Corriere della Sera, 4 febbraio 2019
Clint Eastwood sfida la vecchiaia
La vecchiaia ça existe si diceva una volta degli eroi capaci di continuare a tener alta la fronte nonostante gli acciacchi e gli anni. Ma dai tempi di El Dorado, dei Wayne e dei Mitchum con le stampelle, sono passati troppi anni e nemmeno un ex cowboy come Clint Eastwood sembra credere più al fascino malinconico dell’età. Anche perché il bilancio della vita non sempre è di quelli immacolati.
Almeno non lo è per Earl Stone, il protagonista di Il corriere – The Mule, veterano della Corea che si era rifatto una vita coltivando emerocallidi (fiori ornamentali che come dice il loro nome durano solo una giornata: sbocciano al mattino e muoiono la sera) ma il cui commercio era stato messo in crisi dalle vendite via Internet.
Quel ruolo è quello che ha convinto Eastwood a tornare contemporaneamente dietro e davanti la macchina da presa. Dopo Gran Torino (2008) aveva dichiarato che non avrebbe più interpretato suoi film e il passo falso con Di nuovo in gioco (2012, diretto dal suo ex assistente Robert Lorenz) doveva averlo confermato nella decisione.
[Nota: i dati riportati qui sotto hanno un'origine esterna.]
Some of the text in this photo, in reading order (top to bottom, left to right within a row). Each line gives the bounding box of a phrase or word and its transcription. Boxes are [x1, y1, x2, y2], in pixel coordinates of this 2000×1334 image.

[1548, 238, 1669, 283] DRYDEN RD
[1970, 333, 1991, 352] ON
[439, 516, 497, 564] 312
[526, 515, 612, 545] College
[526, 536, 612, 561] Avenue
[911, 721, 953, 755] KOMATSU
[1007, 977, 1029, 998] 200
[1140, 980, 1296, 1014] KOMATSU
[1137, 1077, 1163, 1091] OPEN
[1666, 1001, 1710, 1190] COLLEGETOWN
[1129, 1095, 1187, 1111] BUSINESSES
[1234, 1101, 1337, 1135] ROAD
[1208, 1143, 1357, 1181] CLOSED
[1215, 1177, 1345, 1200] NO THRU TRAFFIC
Invece la storia dell’ex soldato ed ex coltivatore di fiori Leo Sharp che a ottant’anni diventa un corriere della droga – il più vecchio della storia – per il cartello messicano di Sinaloa, l’ha fatto tornare sulle sue decisioni. Regalandoci ancora una volta una di quelle prove d’attore, tutte in levare e sottotoni, che ce lo hanno fatto amare tante volte.
Sharp nel film diventa Stone e si porta dietro un passato dove l’orgoglio per il suo lavoro e un debole per inviti e convention gli avevano fatto dimenticare completamente la famiglia: la moglie Mary (Dianne Wiest) e la figlia Iris (Alison Eastwood) non vogliono neppure parlargli e solo la nipote Ginny (Taissa Farmiga) sembra disposta a passare sopra le sue troppe mancanze.
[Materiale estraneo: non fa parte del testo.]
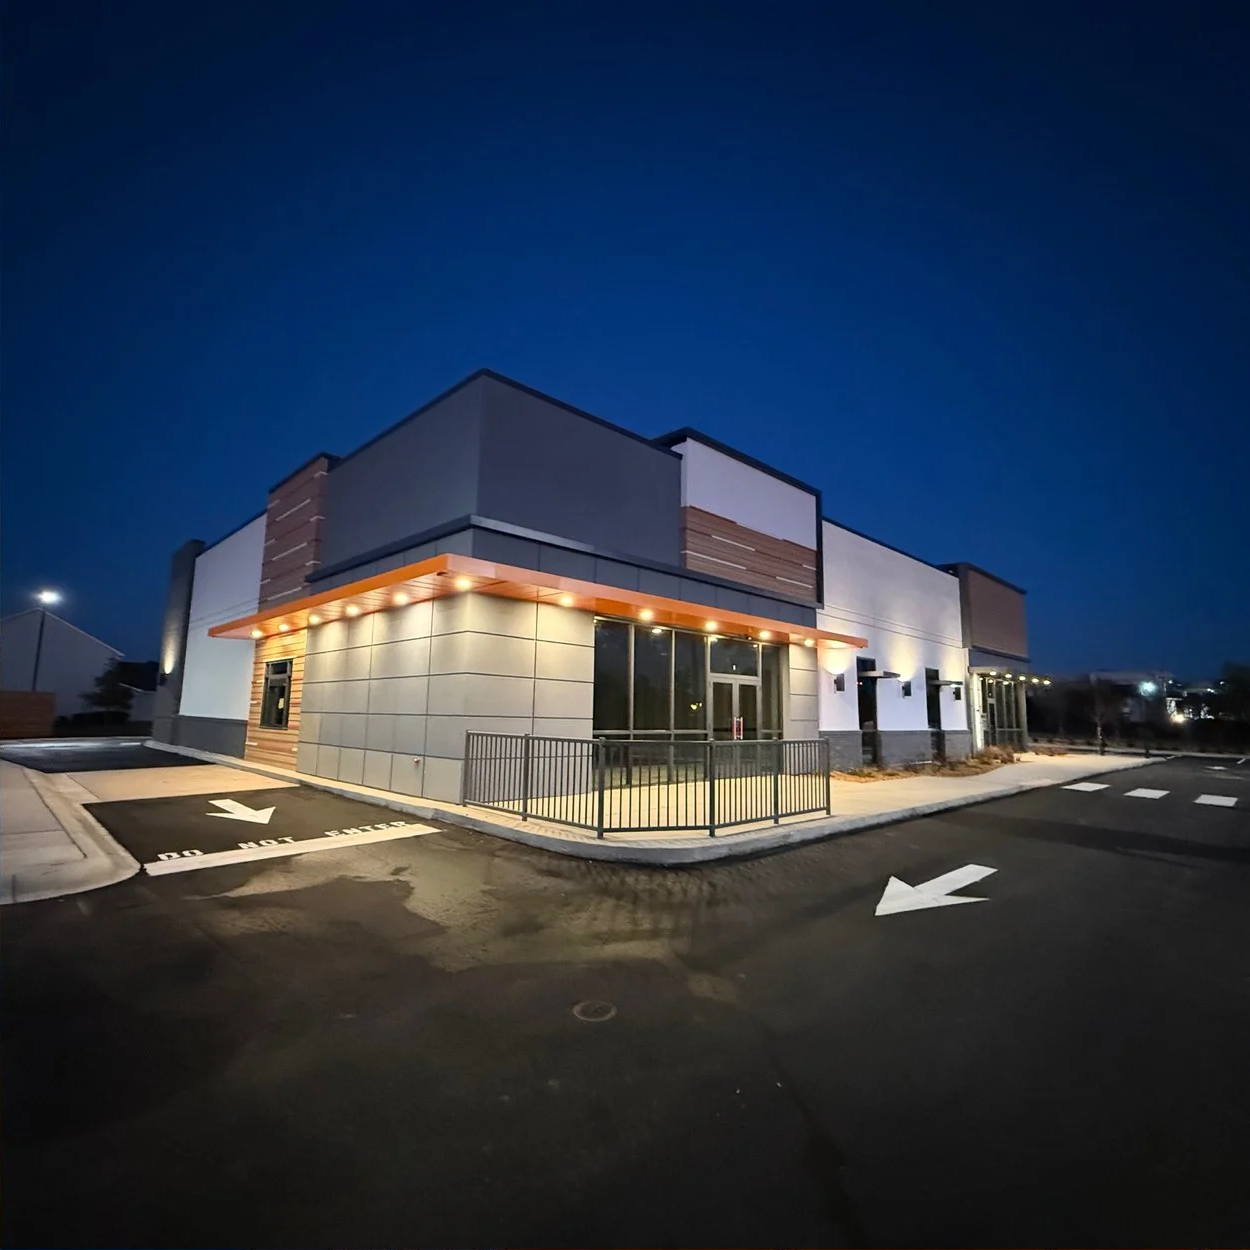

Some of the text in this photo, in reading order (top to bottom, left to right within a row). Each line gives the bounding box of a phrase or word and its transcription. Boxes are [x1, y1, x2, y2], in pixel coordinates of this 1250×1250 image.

[157, 821, 406, 861] DO NOT ENTER
Ma più degli affetti – di cui sembra capacissimo di fare a meno – lo preoccupa il fallimento della sua attività floreale e per questo accetta di portare con il suo camioncino, dall’originario stato dell’Indiana a Chicago, le borse che gli consegnano dei messicani. Non ha mai preso una multa in ottant’anni, guida in modo prudente, non ha certo l’aria dello spacciatore (le clienti di una volta gli dicevano che assomigliava a James Stewart) ed è difficile immaginare un corriere ottantenne: il soggetto ideale per non dare nell’occhio e andare avanti e indietro con il baule pieno di cocaina.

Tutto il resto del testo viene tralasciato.